Oh looks like something is badly broken somewhere. I'm suspecting there is something in the parsing that isn't friendly to big-endian. It's resulting in corrupt trees that sometimes don't print properly and sometimes segfault.

I'm wondering if there are other big-endian machines we can try this on. I used to use university machines to do that testing. Fastest way to get this fixed is for me to get on a machine where it exhibits.

KungFuJesus commented 3 years ago

Well...to get a little bit more diversity, perhaps, I can give you an account to a Solaris 11 based SPARC-T4 I have running.
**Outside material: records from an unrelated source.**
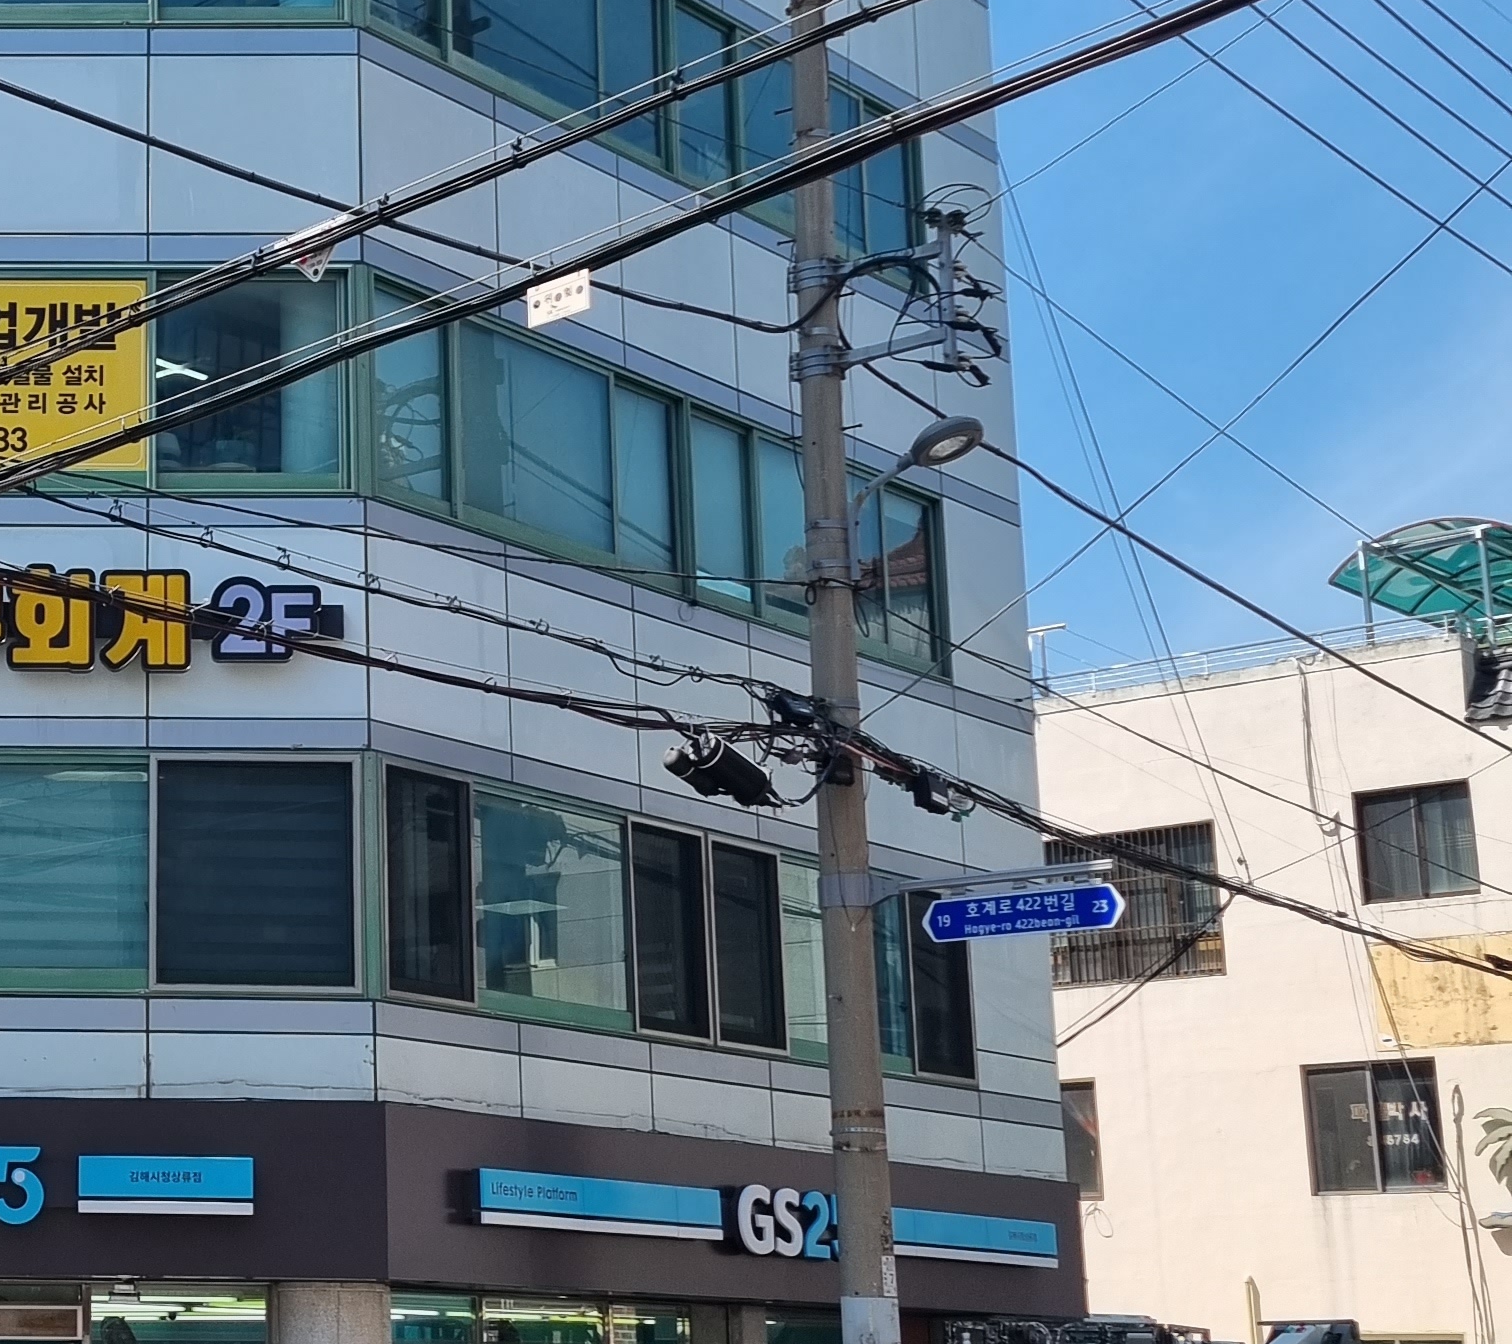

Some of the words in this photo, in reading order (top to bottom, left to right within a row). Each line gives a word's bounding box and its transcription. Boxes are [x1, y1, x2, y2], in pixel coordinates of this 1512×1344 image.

[62, 364, 105, 387] 설치
[215, 578, 320, 658] 2F
[1091, 899, 1109, 914] 23
[936, 914, 952, 928] 19
[964, 921, 1013, 937] Hogye-ro
[1014, 914, 1081, 930] 422beon-gil
[491, 1181, 534, 1201] Lifestyle
[537, 1184, 579, 1203] Platform
[737, 1183, 839, 1262] GS2
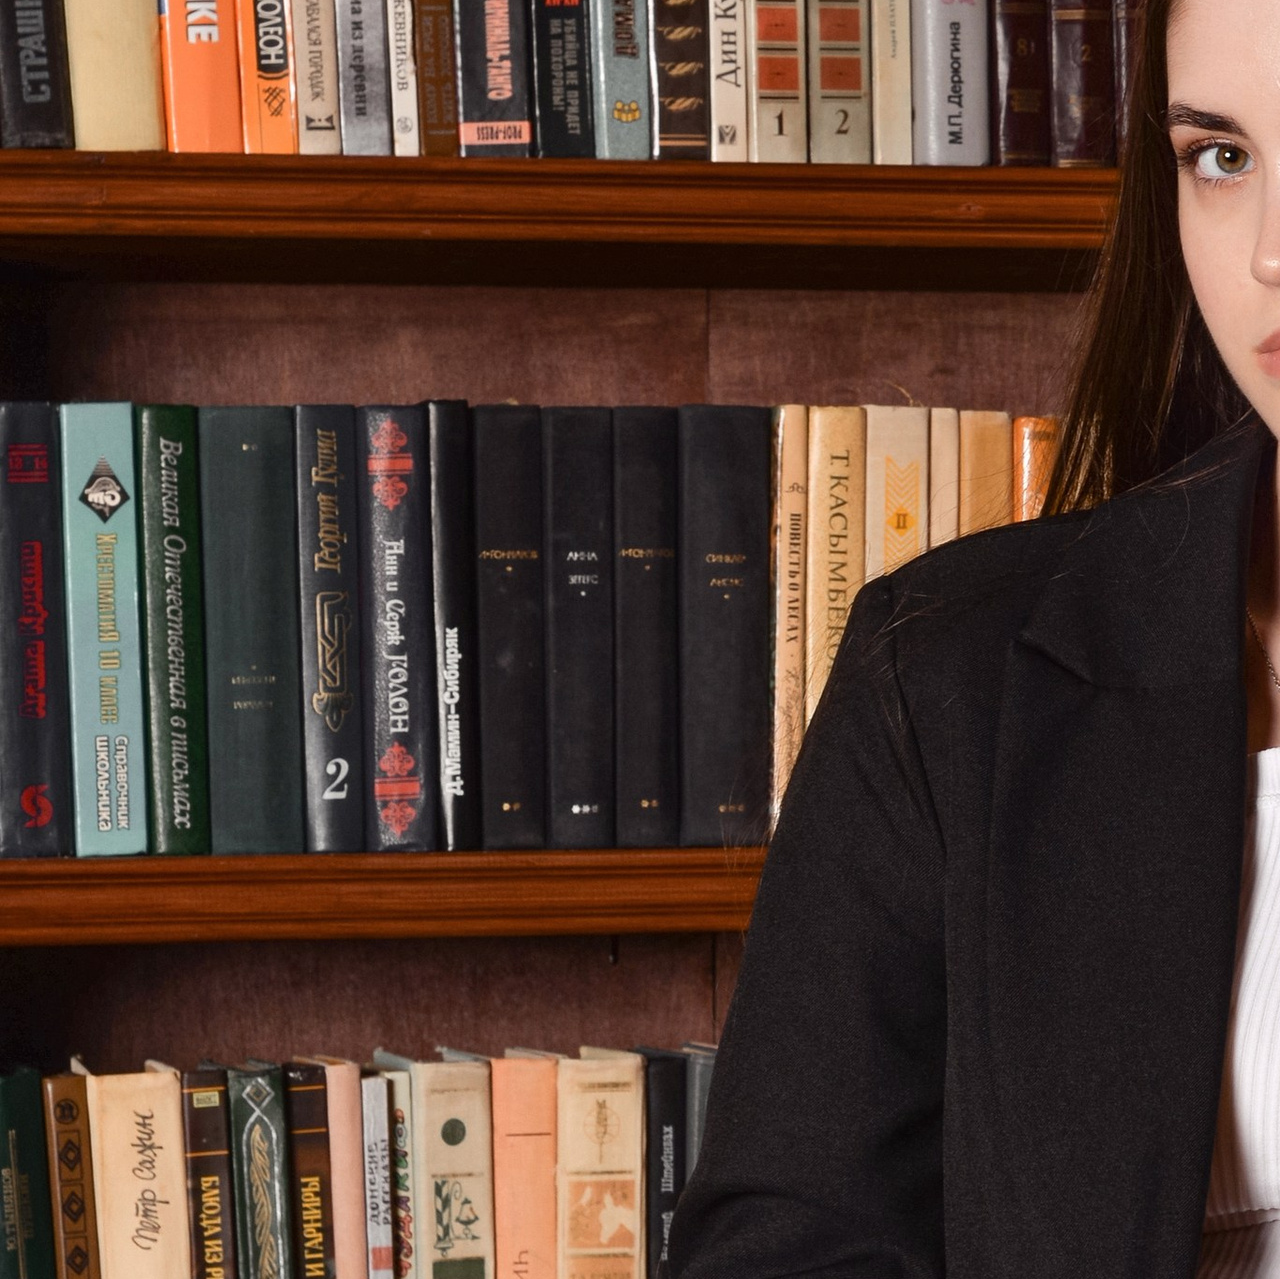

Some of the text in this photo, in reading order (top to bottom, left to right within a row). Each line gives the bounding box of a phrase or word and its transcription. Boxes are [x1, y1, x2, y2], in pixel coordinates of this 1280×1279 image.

However, it's quite loud and has the added complexity that usually ensues when trying to build packages on Solaris, no matter how few dependencies (usually some frustration in autotools/automake/autoconf + GCC). Perhaps I can try to see if it builds on it, first, then I can get you a shell on it

rofl0r commented 3 years ago

I'm wondering if there are other big-endian machines we can try this on.

as mentioned there's GCC compile farm. https://gcc.gnu.org/wiki/CompileFarm

but you could also use a cheap mips device like a router, or qemu-system-mips running aboriginal linux system images, for example.

adrian-thurston commented 3 years ago

I'll register with the compile farm, thanks for the tip!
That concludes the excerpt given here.